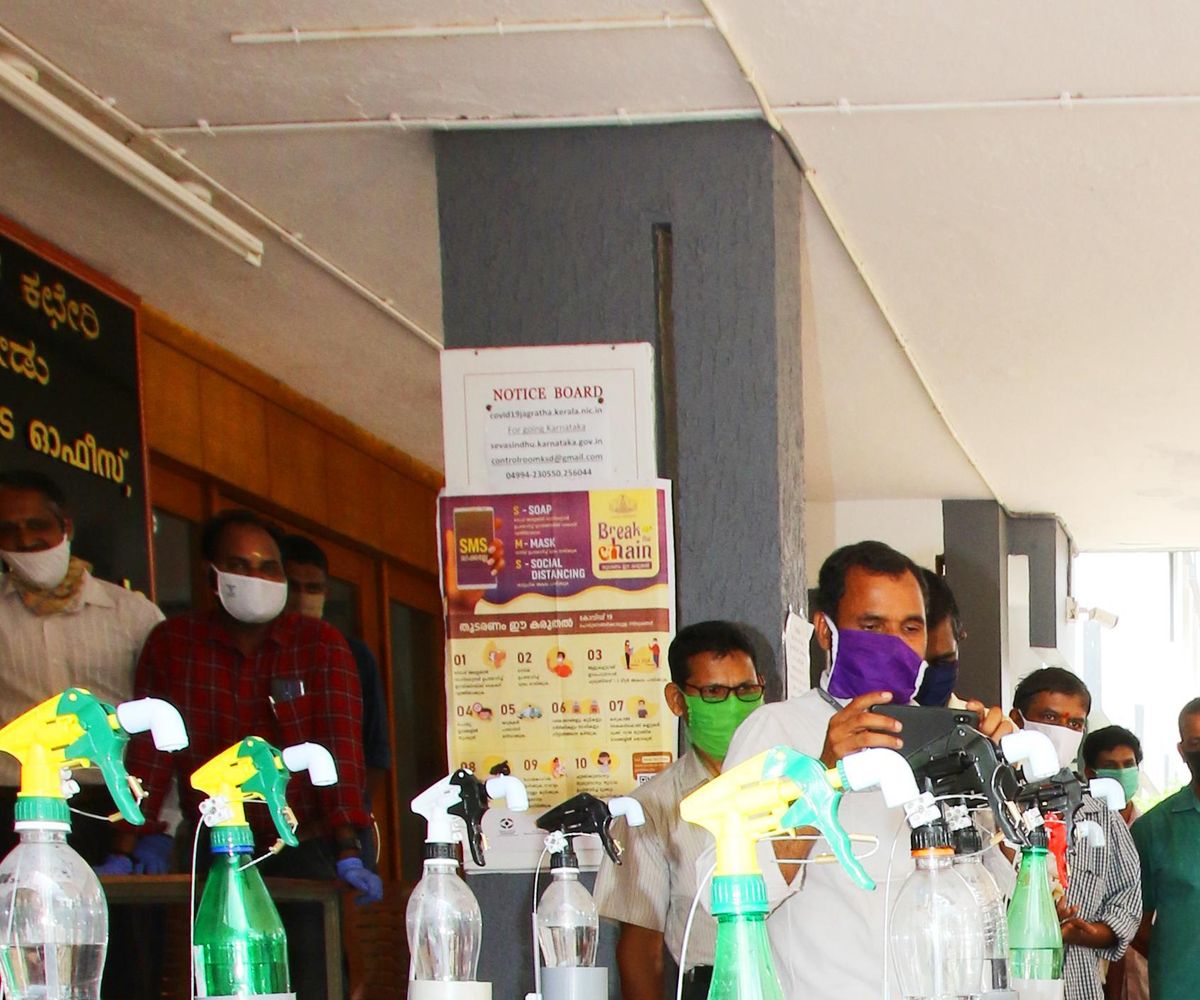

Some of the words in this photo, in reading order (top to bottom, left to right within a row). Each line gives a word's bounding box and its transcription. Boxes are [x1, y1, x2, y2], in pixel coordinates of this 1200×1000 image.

[493, 387, 547, 401] NOTICE
[554, 385, 604, 399] BOARD
[513, 505, 520, 516] S
[528, 504, 552, 515] SOAP
[598, 521, 641, 540] Break
[459, 537, 487, 554] SMS
[515, 539, 523, 549] M
[530, 537, 556, 548] MASK
[598, 537, 652, 561] chain
[515, 559, 522, 569] S
[530, 558, 563, 569] SOCIAL
[531, 568, 586, 580] DISTANCING
[454, 654, 466, 666] 01
[517, 652, 532, 664] 02
[587, 649, 602, 661] 03
[457, 705, 473, 717] 04
[500, 703, 516, 715] 05
[552, 702, 567, 713] 06
[609, 700, 624, 712] 07
[524, 759, 538, 771] 09
[575, 757, 587, 769] 10
^^^^^^^^^^^^^^^^
§ **TASK PROMPT**
Your job is to reproduce the material exactly. Keep pictures out of it.

§ **TASK OUTPUT**
Some of the words in this photo, in reading order (top to bottom, left to right within a row). Each line gives a word's bounding box and its transcription. Boxes are [x1, y1, x2, y2], in pixel coordinates of this 1200×1000 image.

[493, 387, 547, 401] NOTICE
[554, 385, 604, 399] BOARD
[513, 505, 520, 516] S
[528, 504, 552, 515] SOAP
[598, 521, 641, 540] Break
[459, 537, 487, 554] SMS
[515, 539, 523, 549] M
[530, 537, 556, 548] MASK
[598, 537, 652, 561] chain
[515, 559, 522, 569] S
[530, 558, 563, 569] SOCIAL
[531, 568, 586, 580] DISTANCING
[454, 654, 466, 666] 01
[517, 652, 532, 664] 02
[587, 649, 602, 661] 03
[457, 705, 473, 717] 04
[500, 703, 516, 715] 05
[552, 702, 567, 713] 06
[609, 700, 624, 712] 07
[524, 759, 538, 771] 09
[575, 757, 587, 769] 10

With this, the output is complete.